WHAT YOU HAVE TO DO ▸ In the data below, reproduce everything exactly except the images.
::::::::::
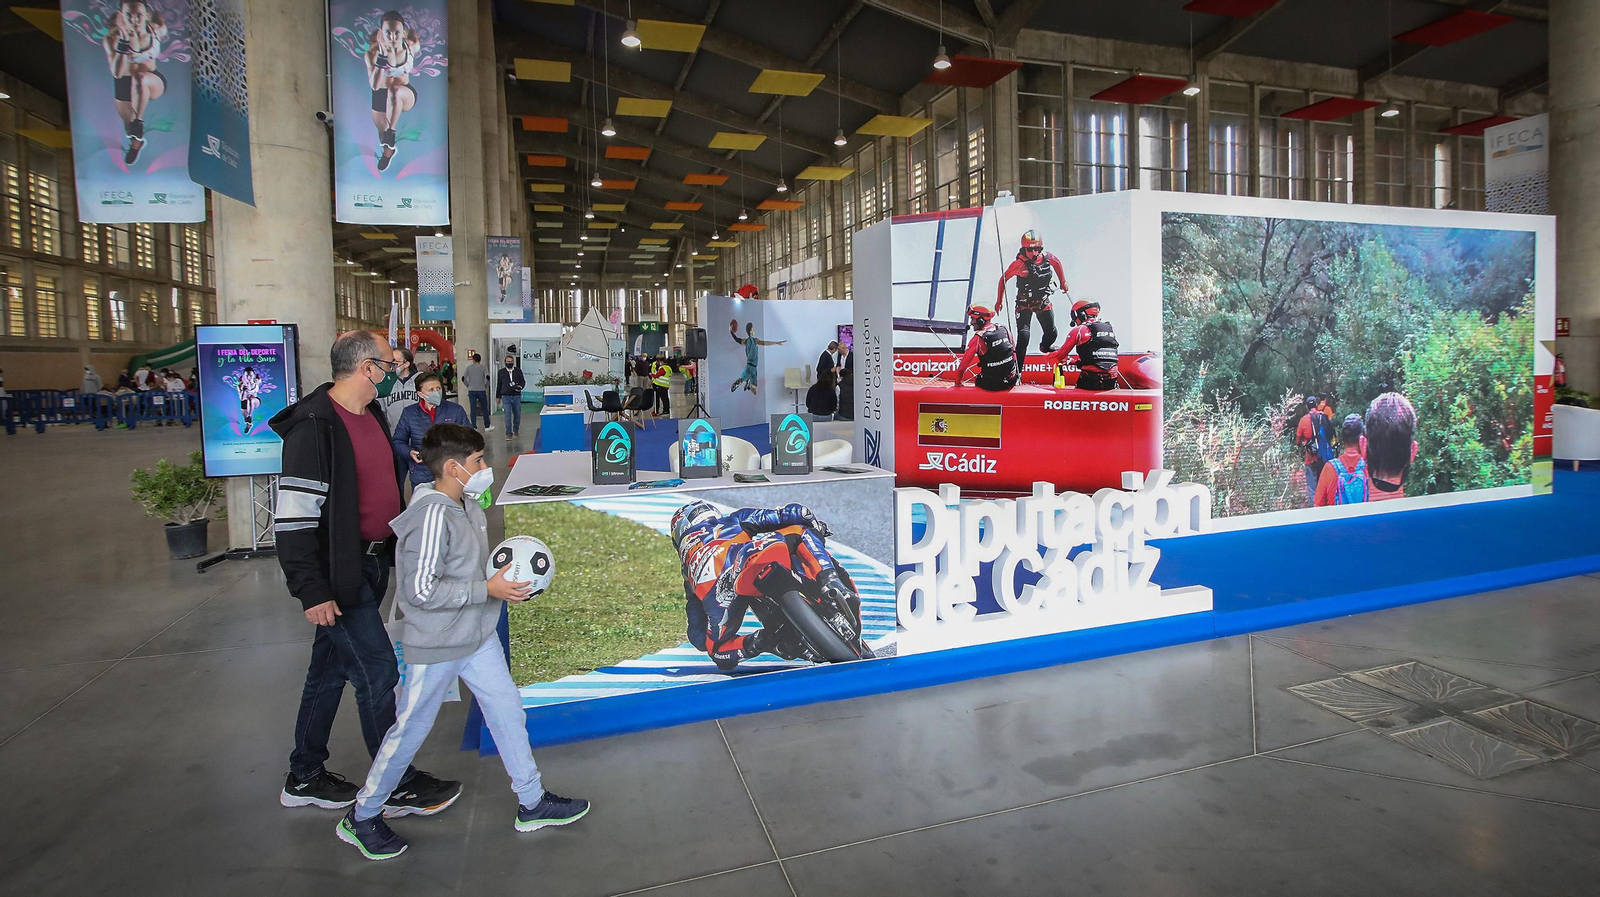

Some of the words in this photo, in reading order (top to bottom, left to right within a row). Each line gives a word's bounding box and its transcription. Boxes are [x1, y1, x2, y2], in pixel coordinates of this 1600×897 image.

[1490, 127, 1544, 149] IFECA
[100, 190, 134, 199] IFECA
[353, 194, 384, 202] IFECA
[419, 242, 449, 250] IFECA
[217, 357, 225, 368] y
[863, 318, 871, 418] Diputación
[872, 335, 882, 388] Cádiz
[873, 397, 882, 420] de
[1043, 400, 1129, 412] ROBERTSON
[944, 452, 997, 474] Cádiz
[893, 469, 1211, 576] Diputación
[895, 556, 978, 632] de
[992, 540, 1161, 618] Cádiz
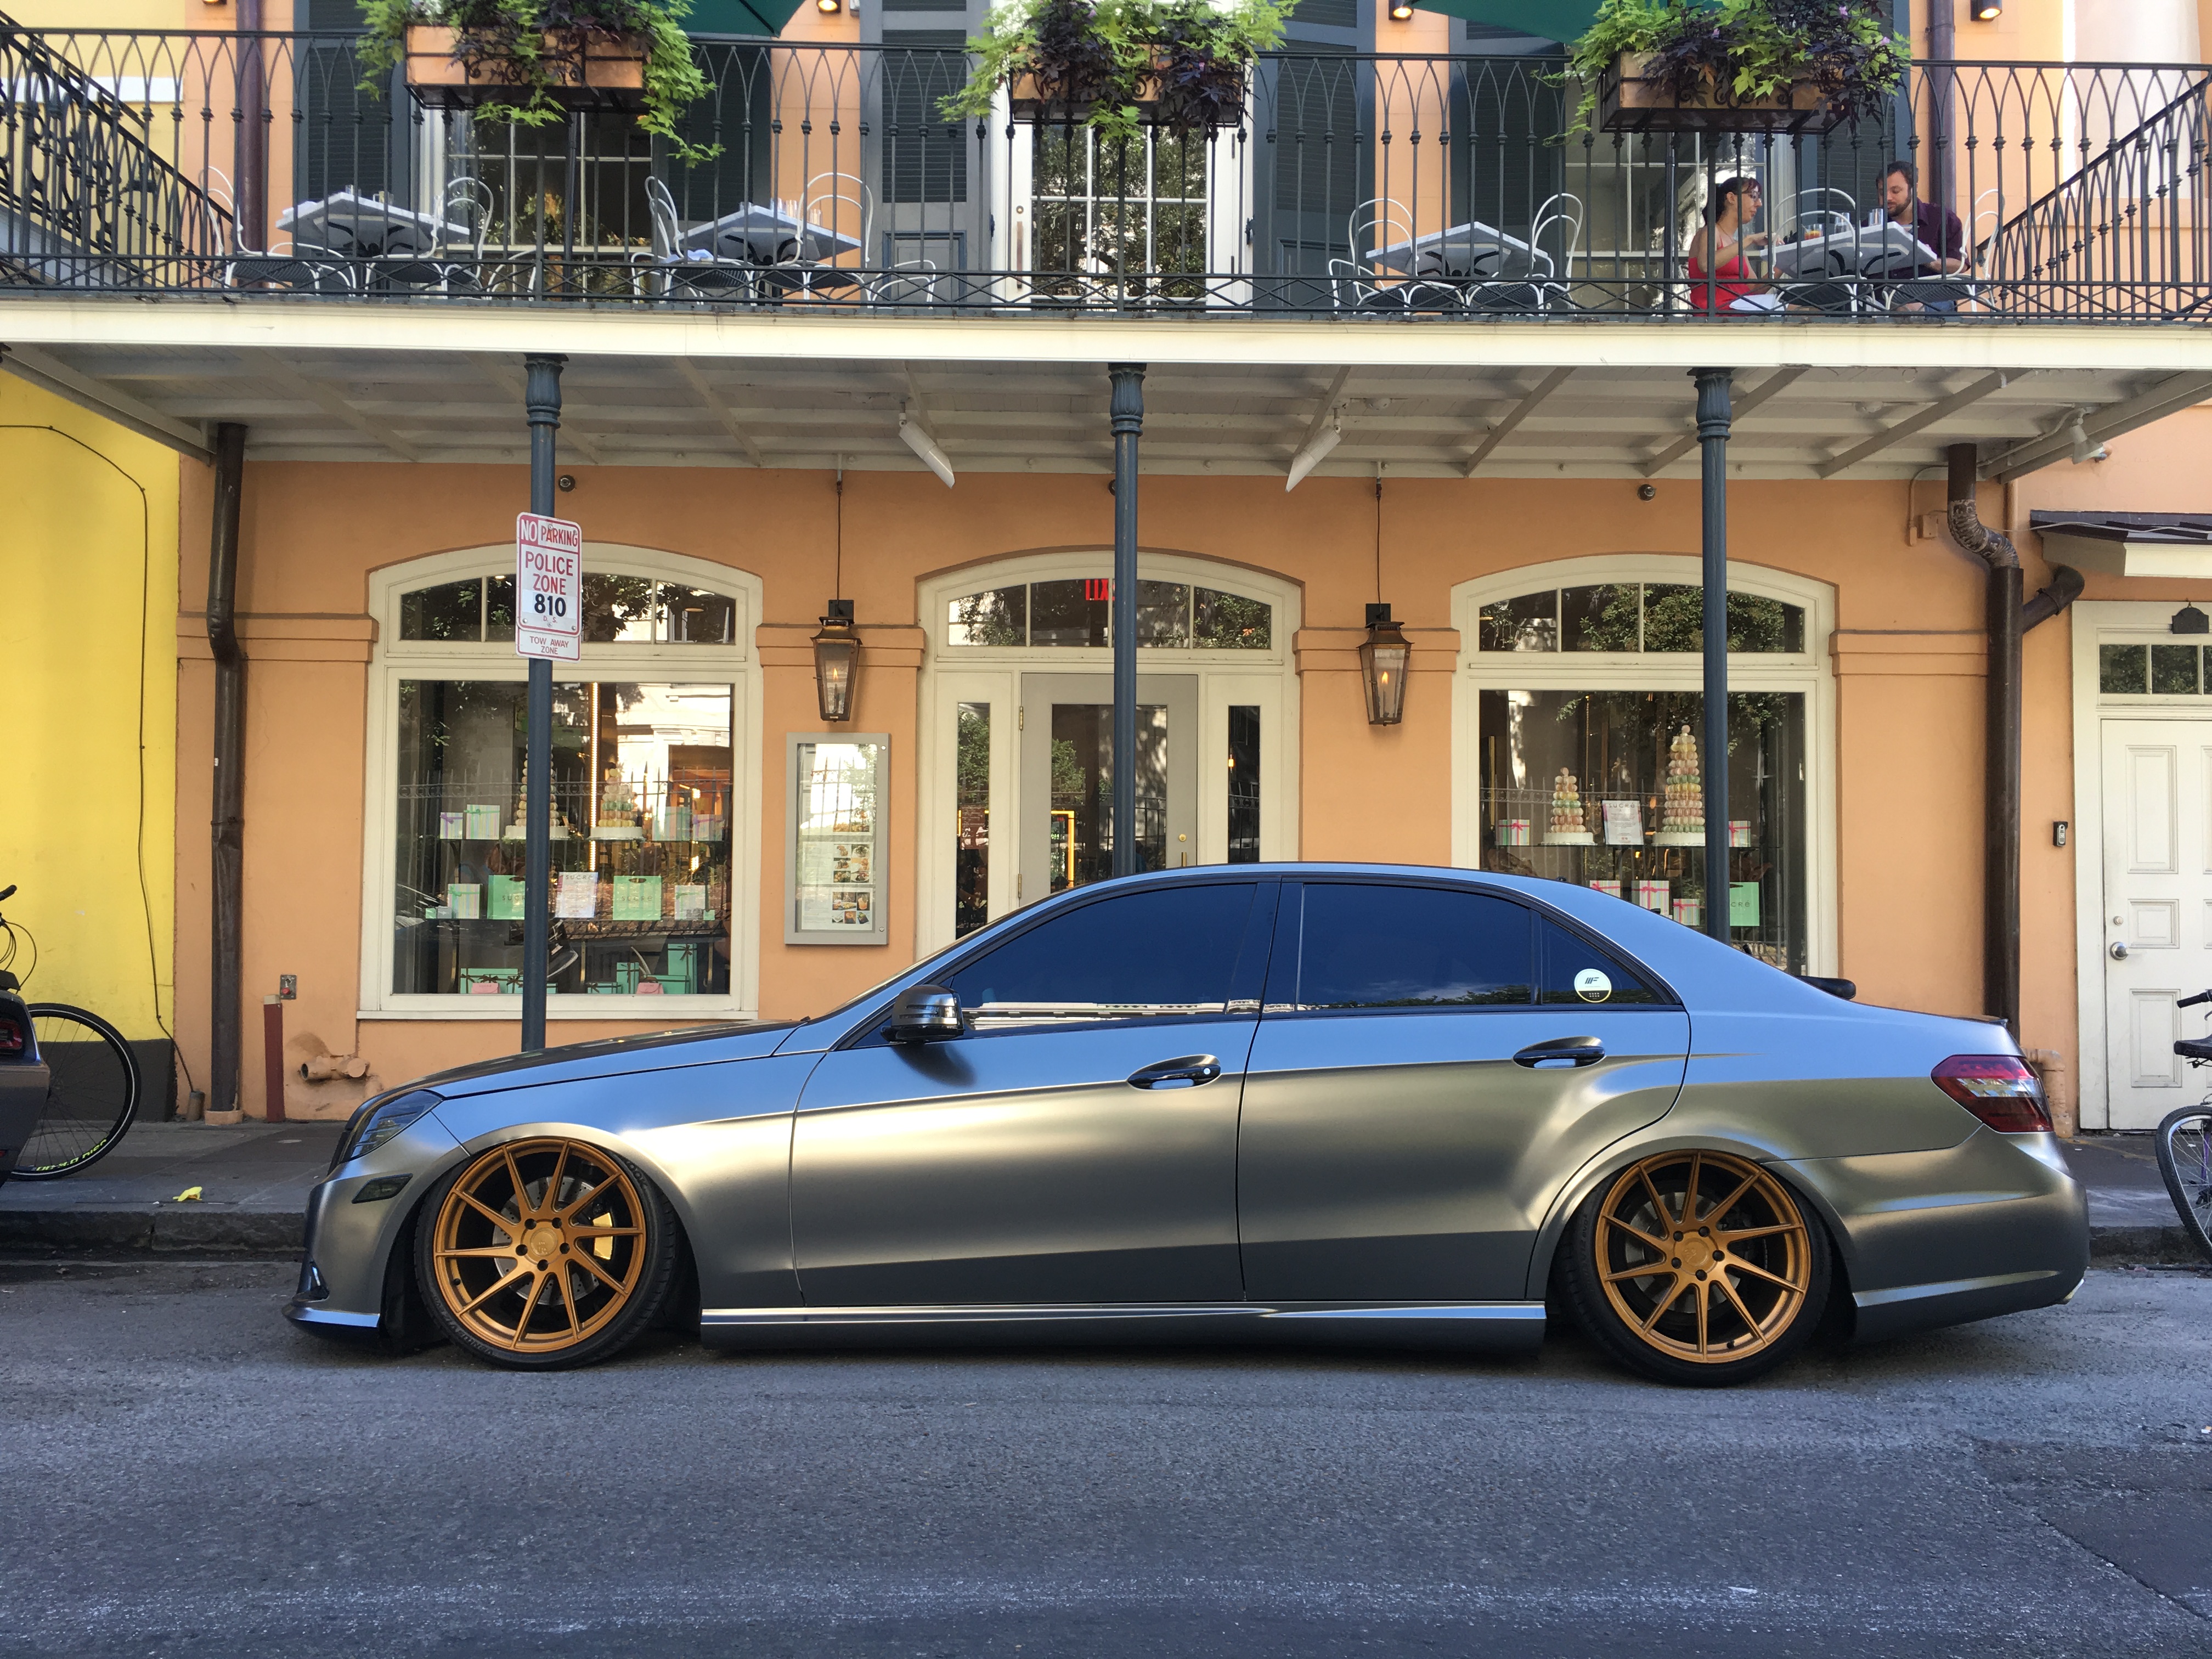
::::::::::
TASK SOLUTION ▸
Some of the words in this photo, in reading order (top to bottom, left to right within a row). Each line gives a word's bounding box and its transcription. Boxes are [x1, y1, x2, y2], in pixel coordinates of this 1600×897 image.

[1490, 127, 1544, 149] IFECA
[100, 190, 134, 199] IFECA
[353, 194, 384, 202] IFECA
[419, 242, 449, 250] IFECA
[217, 357, 225, 368] y
[863, 318, 871, 418] Diputación
[872, 335, 882, 388] Cádiz
[873, 397, 882, 420] de
[1043, 400, 1129, 412] ROBERTSON
[944, 452, 997, 474] Cádiz
[893, 469, 1211, 576] Diputación
[895, 556, 978, 632] de
[992, 540, 1161, 618] Cádiz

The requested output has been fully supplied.